** Images for object localization **
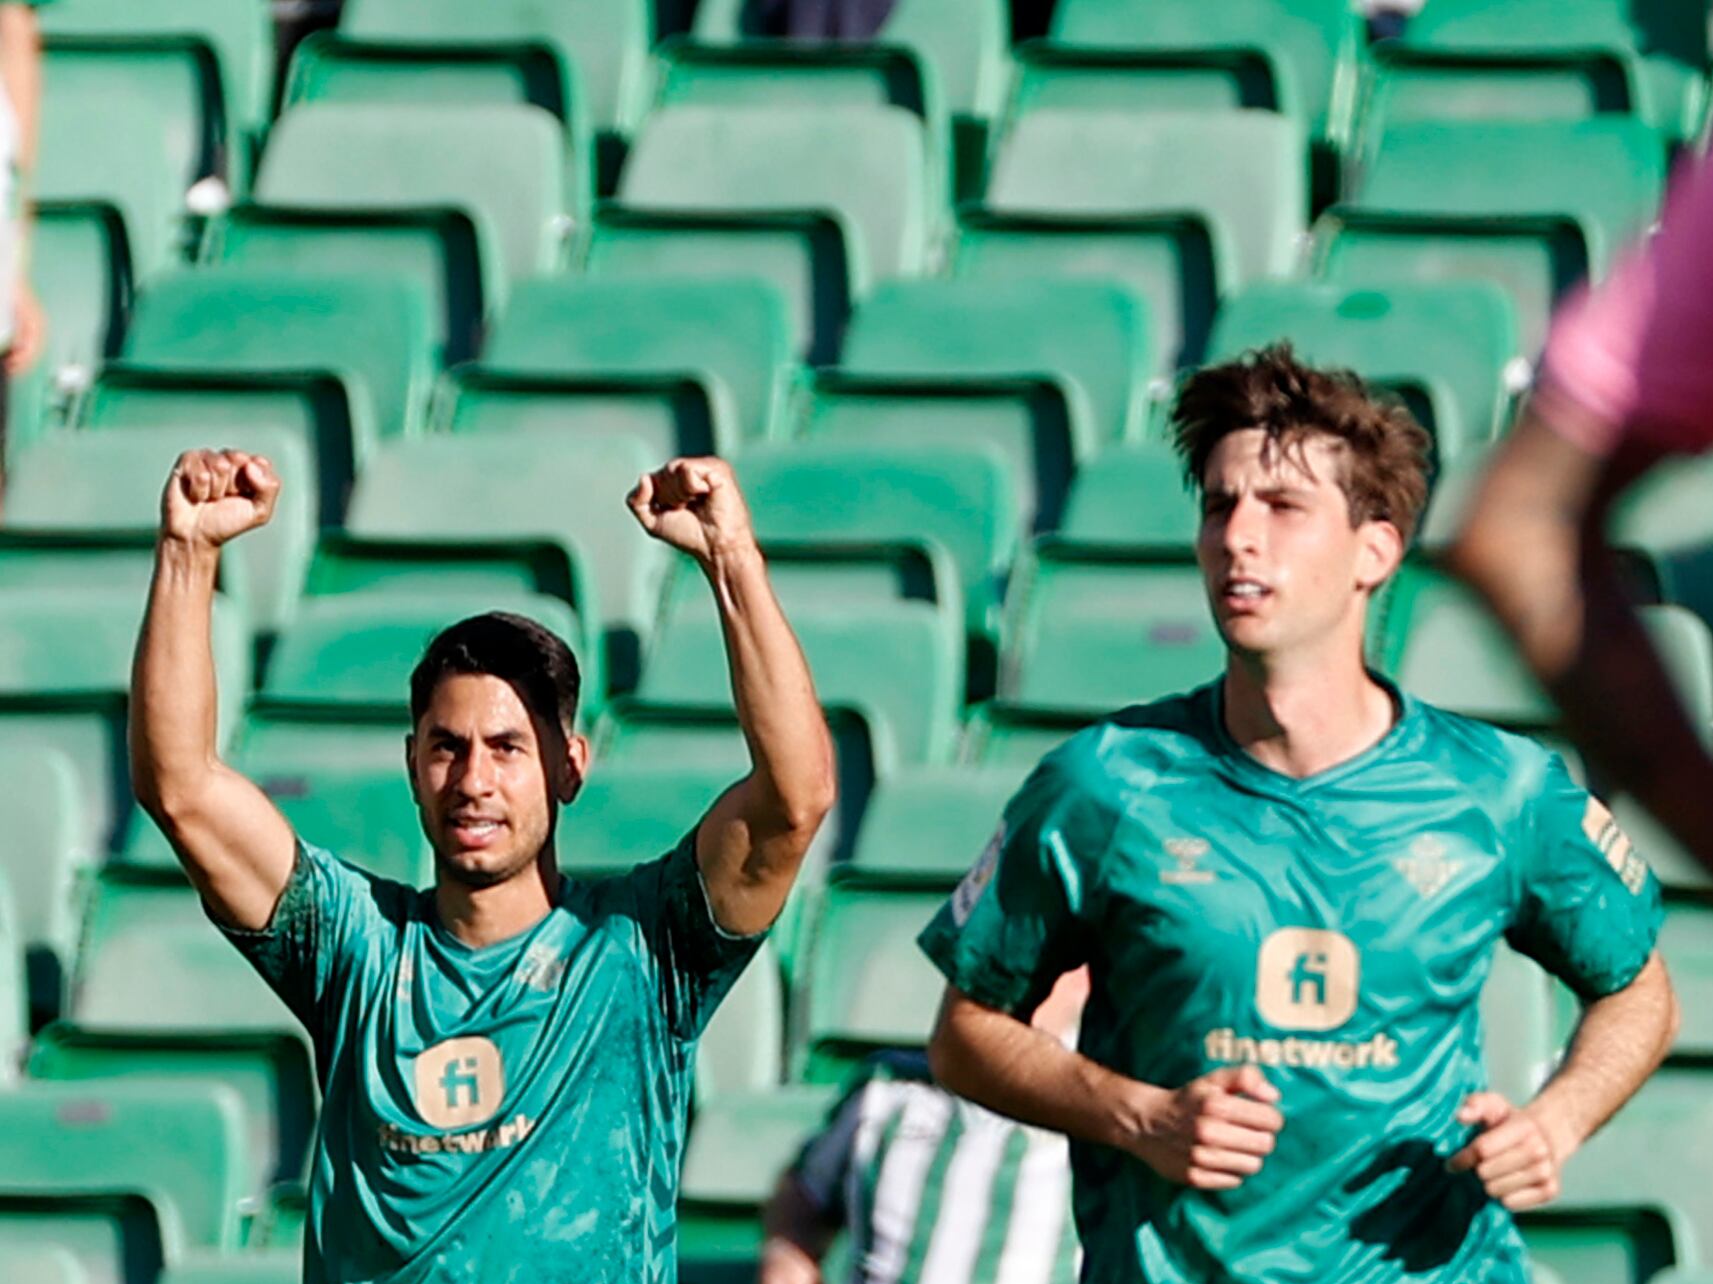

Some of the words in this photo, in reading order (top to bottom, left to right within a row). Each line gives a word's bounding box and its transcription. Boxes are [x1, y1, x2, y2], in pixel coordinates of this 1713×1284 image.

[1286, 952, 1328, 1006] fi
[1203, 1027, 1398, 1068] finetwork
[439, 1057, 480, 1110] fi
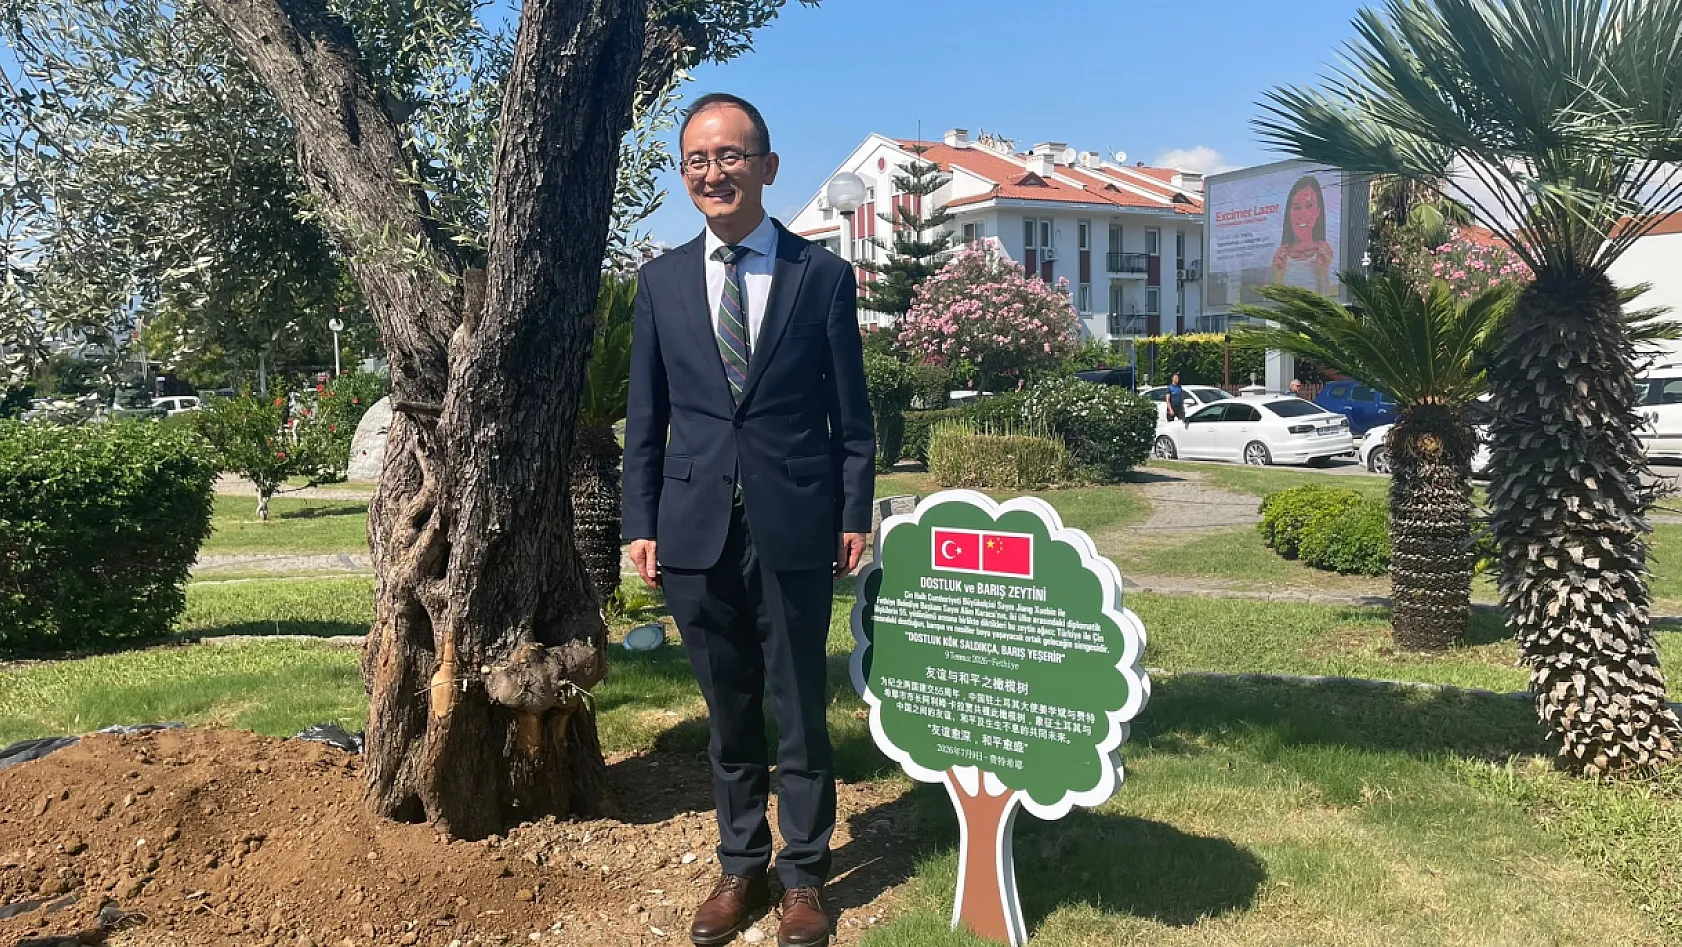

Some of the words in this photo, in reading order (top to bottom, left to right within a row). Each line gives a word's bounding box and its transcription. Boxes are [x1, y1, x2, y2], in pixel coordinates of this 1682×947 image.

** Required action **
You are asked to reproduce each line above exactly, but to exclude the pictures.

** Written answer **
Some of the words in this photo, in reading order (top to bottom, left to right within a row). Each line gives a word's bounding box and its transcription. Boxes are [x1, y1, x2, y2], in pixel coordinates of this 1713×1284 image.

[1286, 952, 1328, 1006] fi
[1203, 1027, 1398, 1068] finetwork
[439, 1057, 480, 1110] fi

Some of the words in this photo, in reading order (top to bottom, left to right within a row). Each line gives a word's bounding box and its transcription. Boxes are [x1, y1, x2, y2], in pixel coordinates of this 1682×947 image.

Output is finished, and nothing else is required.